The 2024 Tamil biographical film Amaran depicts the life and military service of Major Mukund Varadarajan, who served with 44 Rashtriya Rifles.

==Funding==
Until 1997, the Rashtriya Rifles was funded by the Ministry of Home Affairs (MHA), as internal security fell under its jurisdiction, despite the force being drawn from existing Indian Army regiments. Beginning with the 1998–99 financial year, the Ministry of Defence began allocating separate funds for the Rashtriya Rifles under the Army's demands for grants.

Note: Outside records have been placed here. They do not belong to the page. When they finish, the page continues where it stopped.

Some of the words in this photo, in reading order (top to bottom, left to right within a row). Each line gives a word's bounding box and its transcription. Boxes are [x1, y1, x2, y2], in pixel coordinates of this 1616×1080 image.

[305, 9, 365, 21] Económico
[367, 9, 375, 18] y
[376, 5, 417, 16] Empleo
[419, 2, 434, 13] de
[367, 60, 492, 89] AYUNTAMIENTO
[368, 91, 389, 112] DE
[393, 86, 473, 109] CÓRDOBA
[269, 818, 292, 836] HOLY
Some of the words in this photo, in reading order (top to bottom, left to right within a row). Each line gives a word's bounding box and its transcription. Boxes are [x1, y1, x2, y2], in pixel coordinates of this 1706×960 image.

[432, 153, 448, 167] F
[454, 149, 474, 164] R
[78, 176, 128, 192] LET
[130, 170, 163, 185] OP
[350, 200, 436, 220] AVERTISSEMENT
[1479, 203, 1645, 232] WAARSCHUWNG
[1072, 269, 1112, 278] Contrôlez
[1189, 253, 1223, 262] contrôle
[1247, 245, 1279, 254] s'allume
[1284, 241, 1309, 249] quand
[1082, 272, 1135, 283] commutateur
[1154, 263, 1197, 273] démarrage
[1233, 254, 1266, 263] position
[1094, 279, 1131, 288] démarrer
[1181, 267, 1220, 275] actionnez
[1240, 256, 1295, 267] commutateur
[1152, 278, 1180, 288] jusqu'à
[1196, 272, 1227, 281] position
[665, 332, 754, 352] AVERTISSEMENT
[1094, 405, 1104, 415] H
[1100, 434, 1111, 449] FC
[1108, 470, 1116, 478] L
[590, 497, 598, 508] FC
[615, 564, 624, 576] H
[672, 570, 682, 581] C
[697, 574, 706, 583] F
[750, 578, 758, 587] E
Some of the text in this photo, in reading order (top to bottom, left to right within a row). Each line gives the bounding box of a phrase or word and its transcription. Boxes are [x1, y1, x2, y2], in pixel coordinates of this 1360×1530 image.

The Rashtriya Rifles continues to have a separately identified allocation within the Ministry of Defence's Defence Services (Revenue) budget. Government budget documents recorded actual expenditure of ₹9729.94 crore in 2024–25. The budget estimate for 2025–26 was ₹11290 crore, subsequently revised to ₹10599.42 crore. For 2026–27, the Government of India budgeted ₹12052.59 crore for the Rashtriya Rifles.

===Modernisation===
In May 2026, the Indian Army initiated a procurement process for 159 bullet-proof troop carriers for Rashtriya Rifles battalions, sector headquarters and force headquarters deployed in Jammu and Kashmir and Ladakh. The planned vehicles are intended to provide protected mobility in difficult and mountainous terrain and are required to operate at altitudes of up to 5000 m.